** The task **
Exclude the pictures, then repeat exactly each line from the one containing "this 1280×960 image." to the final line of the records that follow.

** Records provided **

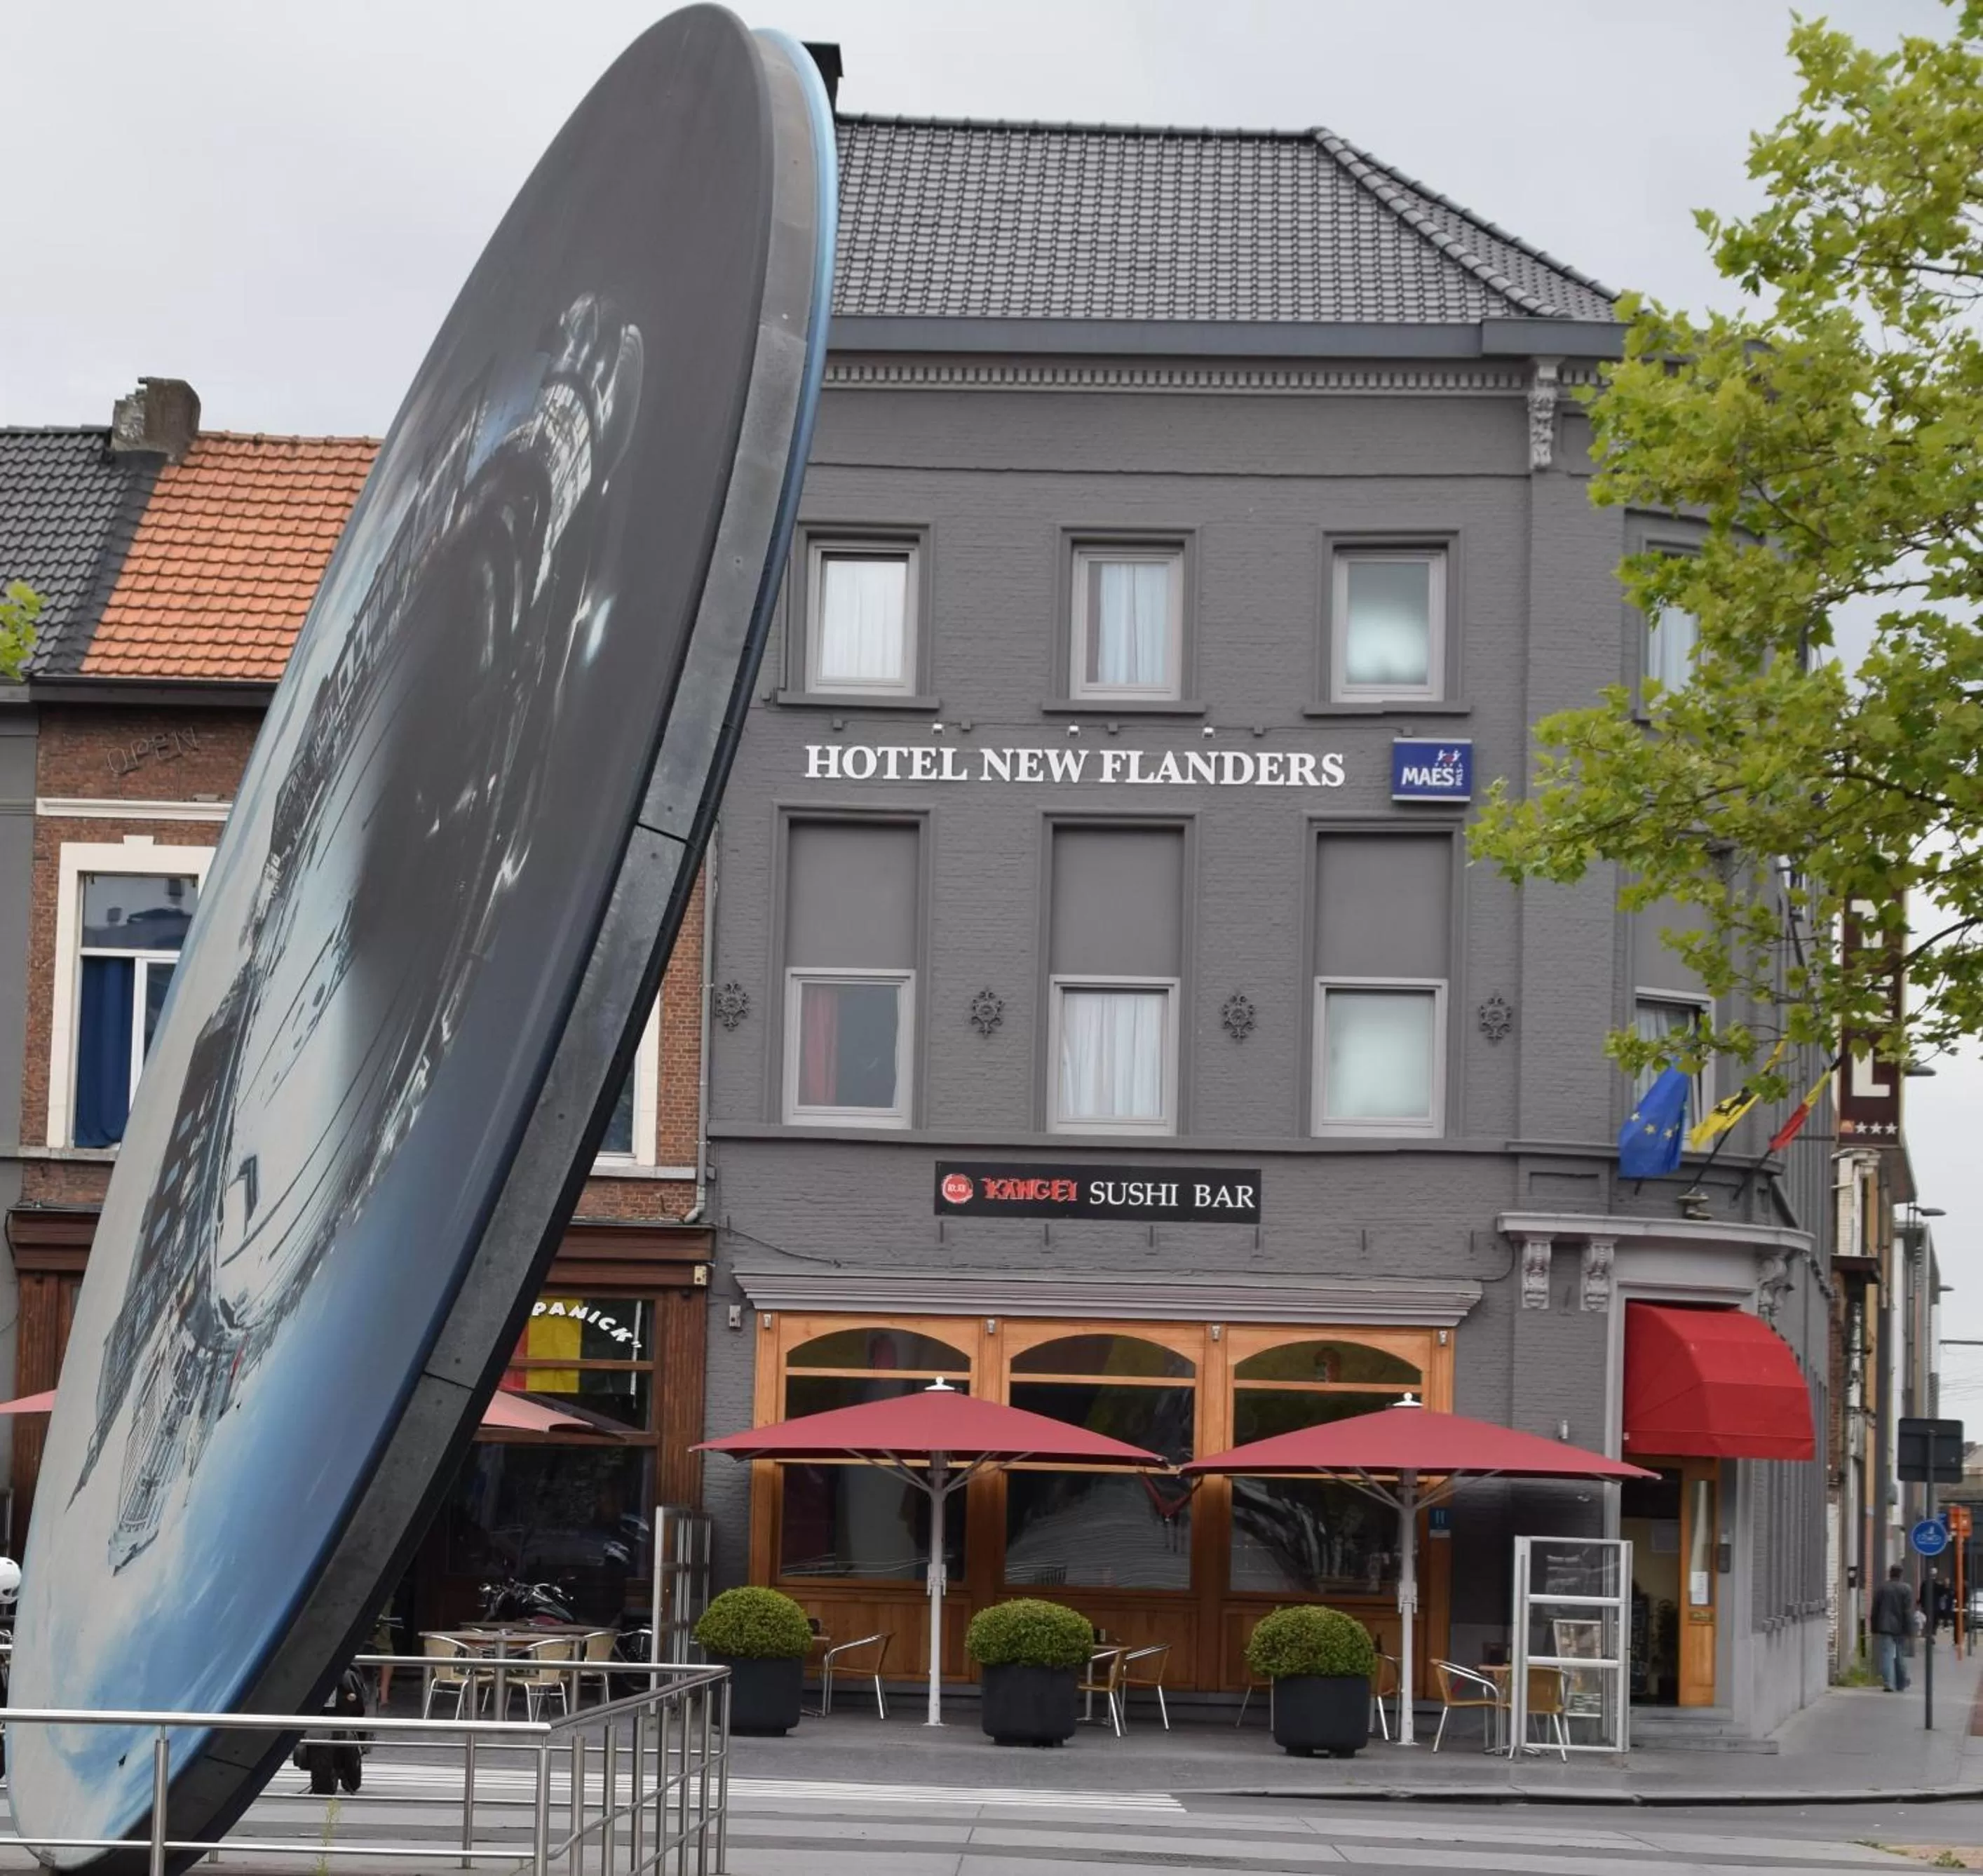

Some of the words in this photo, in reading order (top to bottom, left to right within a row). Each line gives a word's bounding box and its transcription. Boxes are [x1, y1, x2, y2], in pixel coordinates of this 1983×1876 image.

[107, 727, 199, 774] OPEN
[804, 745, 968, 781] HOTEL
[979, 748, 1090, 783] NEW
[1099, 750, 1346, 787] FLANDERS
[1401, 767, 1455, 787] MAES
[980, 1177, 1078, 1202] KANGEI
[1090, 1181, 1179, 1206] SUSHI
[1193, 1184, 1255, 1208] BAR
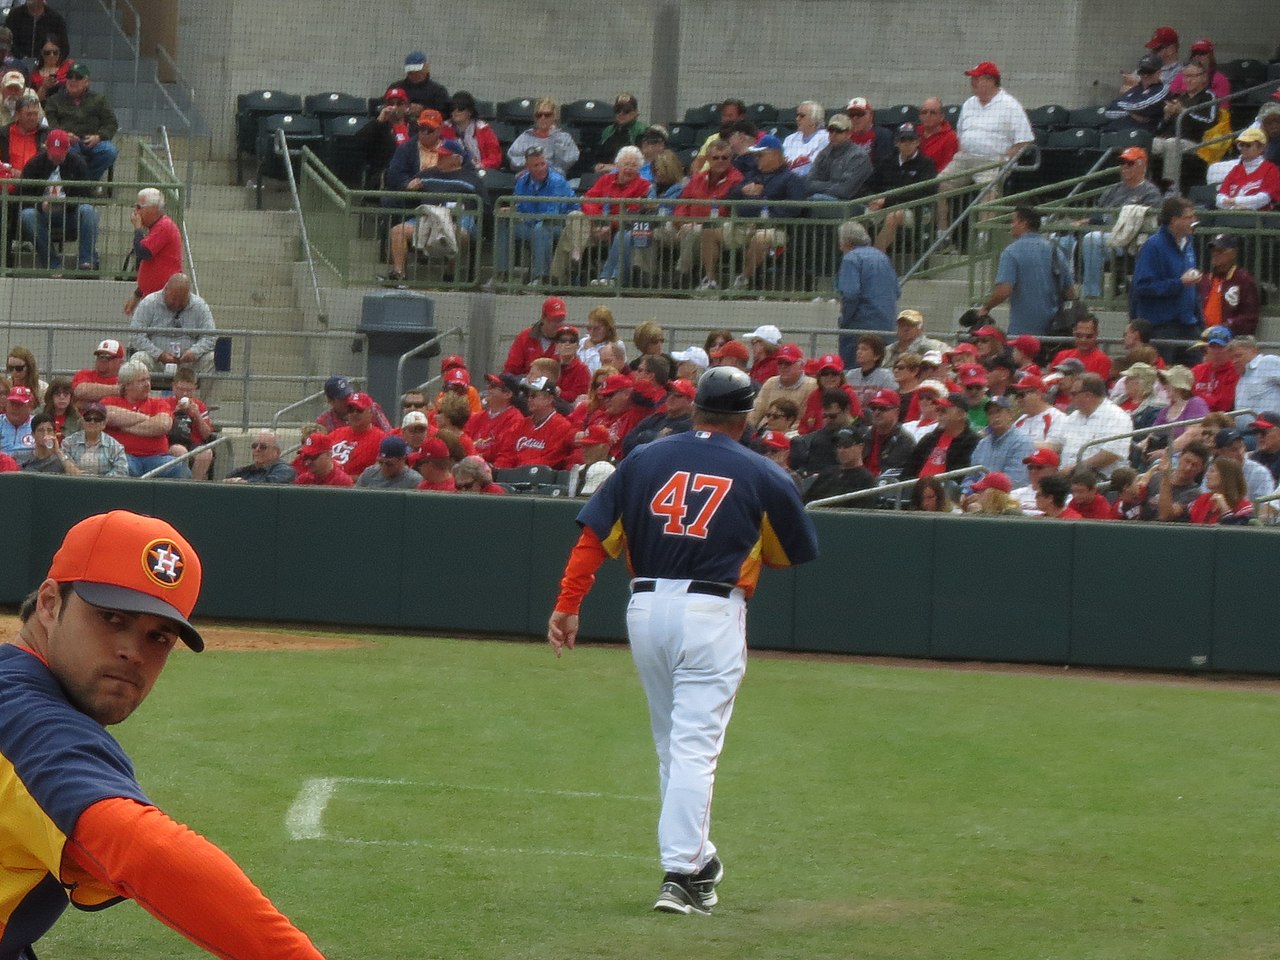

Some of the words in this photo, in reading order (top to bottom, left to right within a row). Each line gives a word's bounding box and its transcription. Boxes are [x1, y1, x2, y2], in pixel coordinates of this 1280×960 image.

[632, 222, 650, 231] 212
[650, 470, 734, 539] 47
[153, 548, 180, 578] H
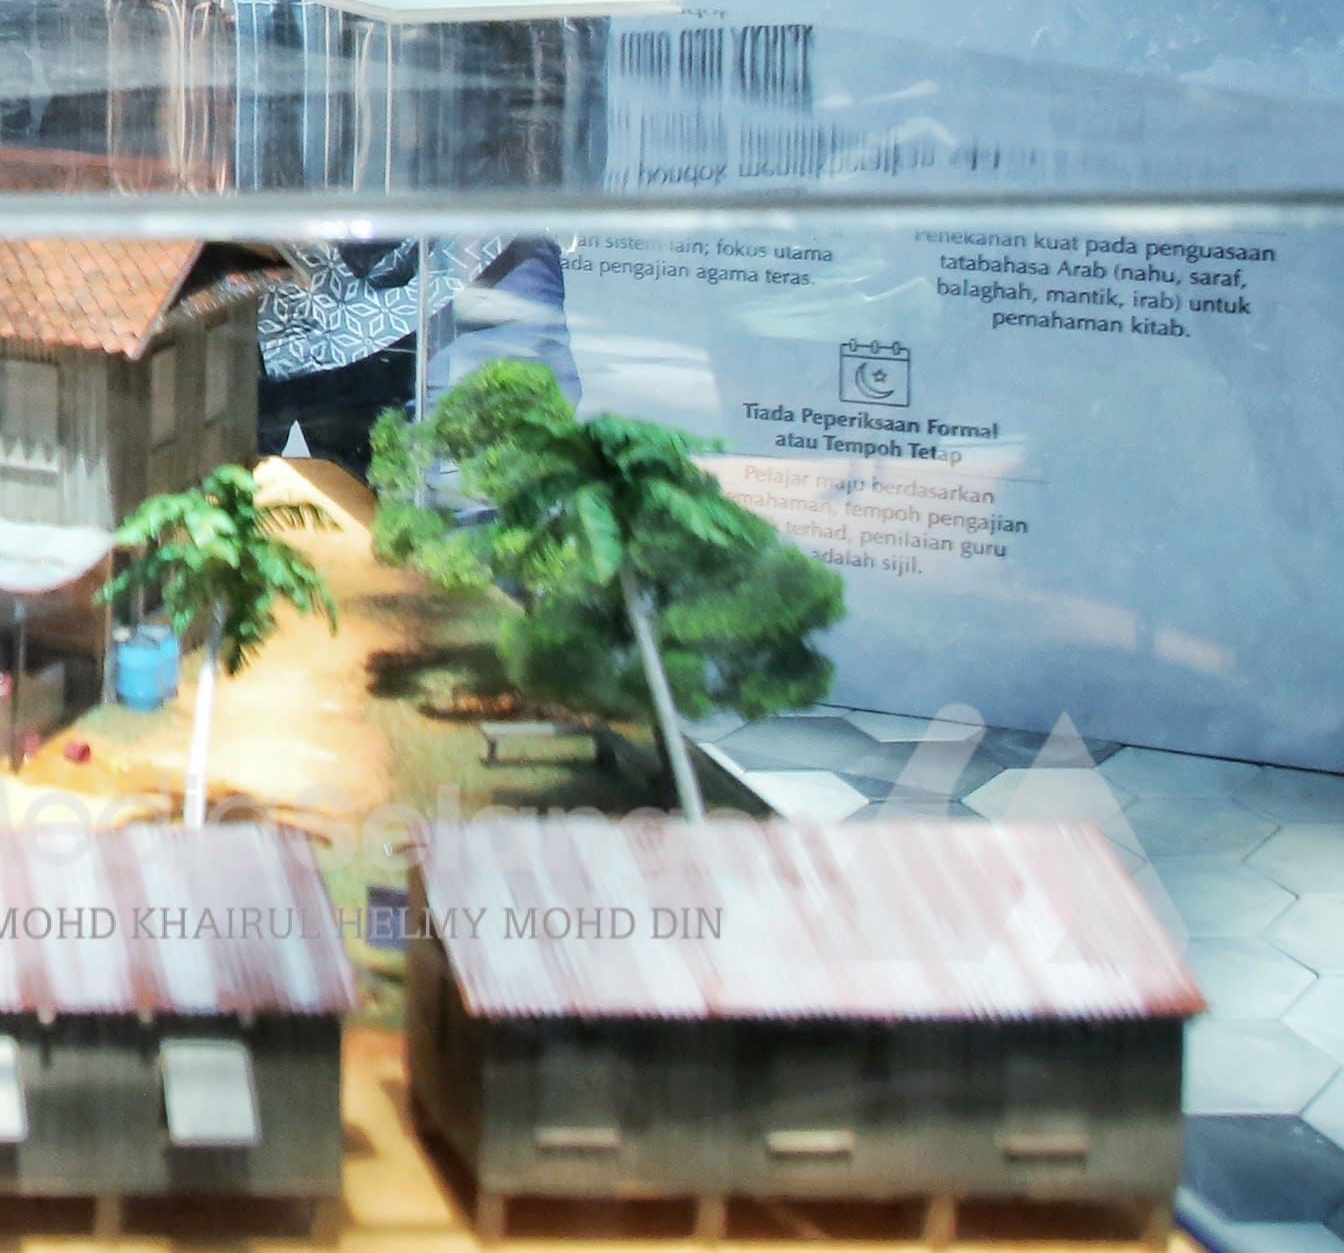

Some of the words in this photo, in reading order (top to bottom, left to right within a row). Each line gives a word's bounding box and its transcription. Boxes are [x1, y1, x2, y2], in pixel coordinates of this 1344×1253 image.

[716, 238, 767, 258] fokus
[774, 246, 832, 262] utama
[1034, 232, 1079, 252] kuat
[1085, 237, 1138, 258] pada
[1145, 241, 1277, 264] penguasaan
[599, 258, 689, 281] pengajian
[696, 266, 759, 284] agama
[940, 254, 1050, 278] tatabahasa
[1056, 260, 1106, 280] Arab
[1114, 262, 1181, 287] (nahu,
[1189, 269, 1248, 291] saraf,
[936, 277, 1038, 304] balaghah,
[1046, 286, 1124, 309] mantik,
[1133, 290, 1182, 314] irab)
[1189, 296, 1252, 315] untuk
[992, 309, 1124, 334] pemahaman
[1131, 316, 1191, 338] kitab.
[743, 402, 795, 422] Tiada
[801, 408, 921, 433] Peperiksaan
[928, 417, 999, 439] Formal
[775, 434, 818, 450] atau
[823, 435, 903, 458] Tempoh
[908, 442, 962, 467] Tetap
[744, 465, 808, 490] Pelajar
[872, 475, 995, 504] berdasarkan
[844, 502, 921, 524] tempoh
[928, 510, 1030, 535] pengajian
[860, 529, 954, 552] penilaian
[960, 541, 1008, 559] guru
[882, 556, 923, 578] sijil.

** Exercise answer **
Some of the words in this photo, in reading order (top to bottom, left to right within a row). Each line gives a word's bounding box and its transcription. Boxes are [x1, y1, x2, y2], in pixel coordinates of this 1280×960 image.

[632, 222, 650, 231] 212
[650, 470, 734, 539] 47
[153, 548, 180, 578] H

Some of the words in this photo, in reading order (top to bottom, left to right within a row). Each line gives a word's bounding box and its transcription. Boxes are [x1, y1, x2, y2], in pixel coordinates of this 1344×1253 image.

[716, 238, 767, 258] fokus
[774, 246, 832, 262] utama
[1034, 232, 1079, 252] kuat
[1085, 237, 1138, 258] pada
[1145, 241, 1277, 264] penguasaan
[599, 258, 689, 281] pengajian
[696, 266, 759, 284] agama
[940, 254, 1050, 278] tatabahasa
[1056, 260, 1106, 280] Arab
[1114, 262, 1181, 287] (nahu,
[1189, 269, 1248, 291] saraf,
[936, 277, 1038, 304] balaghah,
[1046, 286, 1124, 309] mantik,
[1133, 290, 1182, 314] irab)
[1189, 296, 1252, 315] untuk
[992, 309, 1124, 334] pemahaman
[1131, 316, 1191, 338] kitab.
[743, 402, 795, 422] Tiada
[801, 408, 921, 433] Peperiksaan
[928, 417, 999, 439] Formal
[775, 434, 818, 450] atau
[823, 435, 903, 458] Tempoh
[908, 442, 962, 467] Tetap
[744, 465, 808, 490] Pelajar
[872, 475, 995, 504] berdasarkan
[844, 502, 921, 524] tempoh
[928, 510, 1030, 535] pengajian
[860, 529, 954, 552] penilaian
[960, 541, 1008, 559] guru
[882, 556, 923, 578] sijil.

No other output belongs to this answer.